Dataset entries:
== Segment start ==

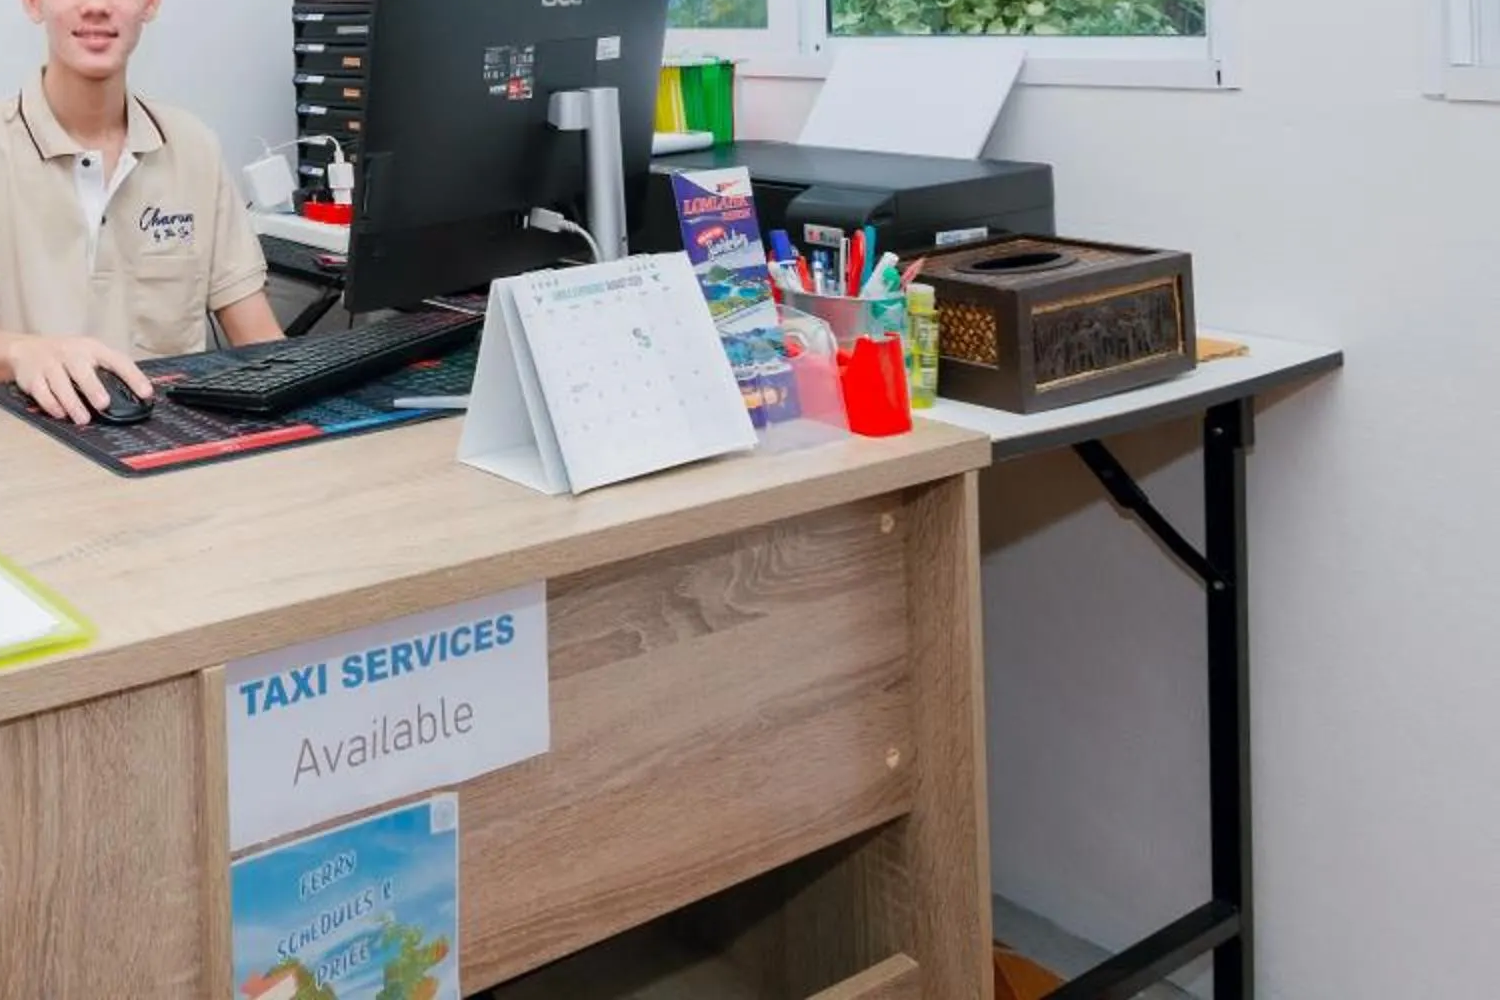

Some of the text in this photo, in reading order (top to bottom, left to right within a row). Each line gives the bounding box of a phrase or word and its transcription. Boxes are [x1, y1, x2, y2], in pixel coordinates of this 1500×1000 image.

[239, 614, 515, 717] TAXI SERVICES
[293, 696, 475, 787] Available
[300, 852, 355, 898] FERRY
[277, 888, 374, 961] SCHEDULES
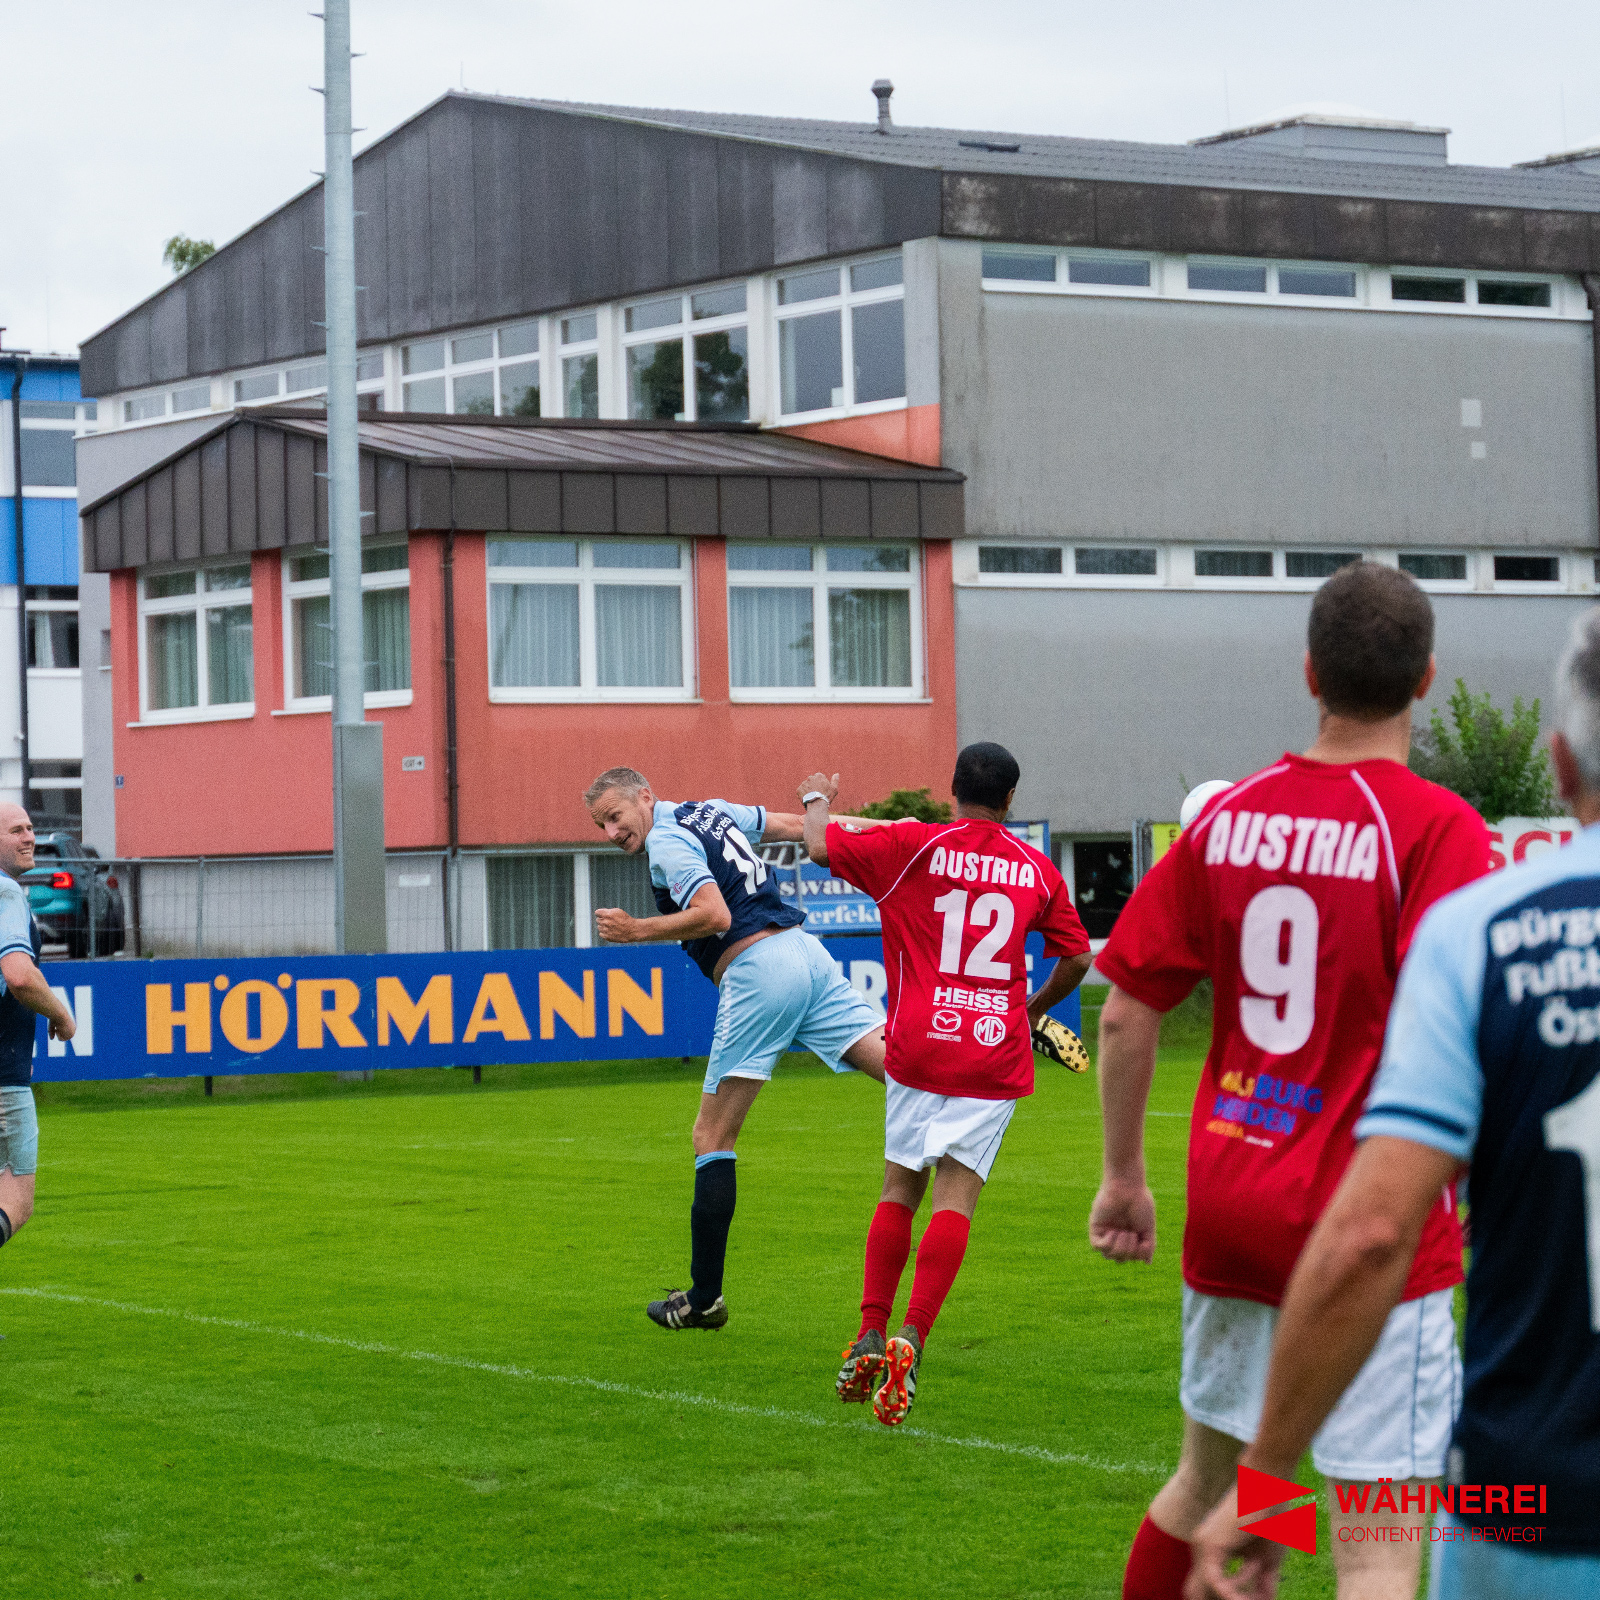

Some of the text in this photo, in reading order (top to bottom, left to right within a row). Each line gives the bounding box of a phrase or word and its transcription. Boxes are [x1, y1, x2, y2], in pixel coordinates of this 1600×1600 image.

== Segment end ==

What to do:
From the first line to the last, copy the records above exactly and drop any pictures.

Task response:
Some of the text in this photo, in reading order (top to bottom, left to right within a row). Each line gives the bounding box of a phrase or word and its transcription. Boxes are [x1, y1, x2, y2], in pixel coordinates of this 1500×1000 image.

[239, 614, 515, 717] TAXI SERVICES
[293, 696, 475, 787] Available
[300, 852, 355, 898] FERRY
[277, 888, 374, 961] SCHEDULES

Some of the text in this photo, in reading order (top to bottom, left to right within a row). Each line gives the bounding box of a phrase or word and its transcription. Boxes are [x1, y1, x2, y2], in pixel coordinates of this 1600×1600 image.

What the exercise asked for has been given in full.